The three legs and a two joint stem that holds the adapter plate base come together in a small plastic center joint. The stem is also flexible and can be bent and rotated. The plastic adapter plate base is affixed to the top joint in a stationary manner. A small circular lever imprinted with the word "JOBY" is pushed to release the adapter plate from the base. Joby lists the adapter as "Universal ¼-in tripod screw". The adapter plate is tiny - about 7/8 in (2.22 cm) long and 3/4 in (1.91 cm) wide, and only 3/16 in (0.48 cm) thick. The whole adapter plate is barely bigger than the screw that holds it to the camera!
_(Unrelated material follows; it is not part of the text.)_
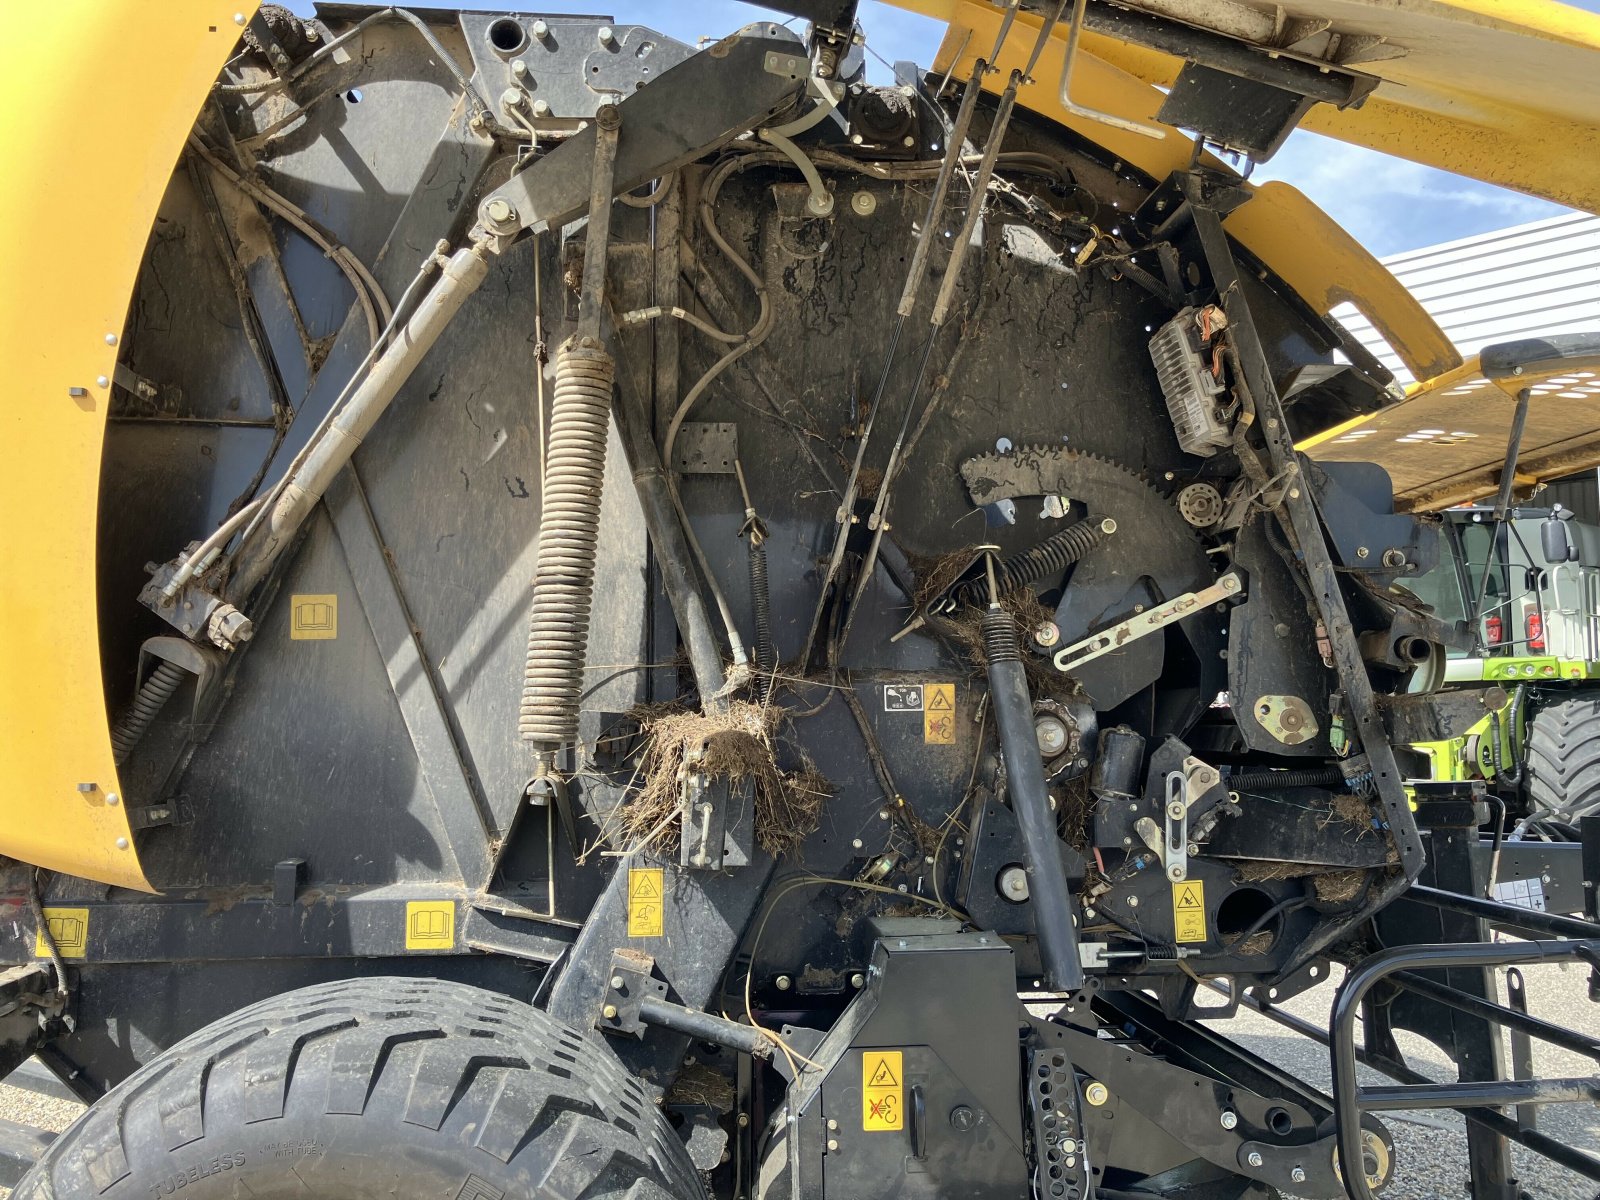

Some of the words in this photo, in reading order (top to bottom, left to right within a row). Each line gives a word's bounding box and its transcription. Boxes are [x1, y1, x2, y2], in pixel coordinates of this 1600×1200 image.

In front of the release lever is a 'lock-ring'. This is a small plastic ring with a rubberized cover that can be twisted to lock the adapter plate in place so that pressing the lever does not release it. This appears to be a good safety feature to prevent accidentally releasing the camera when setting up photos. Small graphics showing an open padlock and a latched padlock mark the unlocked and locked positions. The mechanism that makes the ring work is simple - the ring is flattened on the back to allow the lever to be depressed fully when in the unlocked position. Moving it to locked position moves the rounded, rubberized section of the ring behind the lever to keep it from being depressed.
To remove the adapter from the adapter plate, I simply push in on the small lever and slide the adapter plate out of the base at the same time.
The Gorillapod I am testing is primarily black in color, with the rubberized parts being light gray. Other color combinations are available, but I am very happy with the neutral colors of my test unit.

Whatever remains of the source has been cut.